One of the frequently heard criticisms of the Affordable Care Act is that it will lead employers to stop offering health care coverage. This will force their employees to buy insurance on their own.

Many employers worried that the ACA's new rules would make it more difficult to provide health benefits. And some commentators argued that businesses - especially those with fewer than 50 employees that are not bound by many of the ACA's requirements - would be enticed to stop offering health insurance and instead direct consumers to the new insurance exchanges.

It is now clear, as the ACA enters its second year, that these fears have not been realized. What we're seeing in the Philadelphia region matches the national trend: employers continue to invest in providing health benefits to employees.

As a survey reported by, an online news source for benefit professionals explained, "…just 4 percent said they (employers) probably wouldn't continue to offer health insurance. More than two-thirds (68 percent) strongly agreed that they'll keep offering health coverage, and another 28 percent indicated they most likely would."

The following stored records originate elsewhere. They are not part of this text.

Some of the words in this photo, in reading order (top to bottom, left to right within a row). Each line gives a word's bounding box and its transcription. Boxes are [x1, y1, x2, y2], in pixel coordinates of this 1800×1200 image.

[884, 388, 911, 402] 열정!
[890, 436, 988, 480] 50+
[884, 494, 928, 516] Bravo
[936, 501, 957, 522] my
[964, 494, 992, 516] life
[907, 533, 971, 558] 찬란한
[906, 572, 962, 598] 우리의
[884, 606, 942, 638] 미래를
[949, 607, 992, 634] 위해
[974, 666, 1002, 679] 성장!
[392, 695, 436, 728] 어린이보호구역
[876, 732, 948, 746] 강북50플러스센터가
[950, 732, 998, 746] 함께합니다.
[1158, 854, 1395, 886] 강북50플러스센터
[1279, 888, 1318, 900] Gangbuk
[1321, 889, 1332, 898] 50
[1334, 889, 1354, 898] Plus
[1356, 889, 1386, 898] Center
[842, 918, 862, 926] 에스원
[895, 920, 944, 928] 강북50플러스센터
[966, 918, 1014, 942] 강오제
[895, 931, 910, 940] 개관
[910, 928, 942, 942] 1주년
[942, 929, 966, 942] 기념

As the economy and the job market improve, many employers have become concerned that other companies may poach their valued staffers. That competition for talent is one reason we are finding that many employers continue to offer coverage, even though ACA rules do not yet mandate it. Offering the benefit of quality health insurance can be a big help in retaining top talent.

The survey also found that smaller employers are still concerned about the cost of coverage. Asked to rank their health insurance-related worries for the year ahead, 77% sited "keeping health care costs under control." That helps explain another trend we have seen: more small employers are seeking creative ways to lower the cost of health benefits. This often leads to adding health spending accounts, often as part of High Deductible Health Plans, which provide employees with a full range of coverage options, and give employers a way to share some of the cost with employees.

Inarguably, the ACA has brought the most sweeping change to health care coverage since Medicare was introduced in the sixties, and many employers have found it challenging to understand and navigate this new health care environment. Still, at least so far, it has not brought destruction to employer-based coverage as some critics had warned.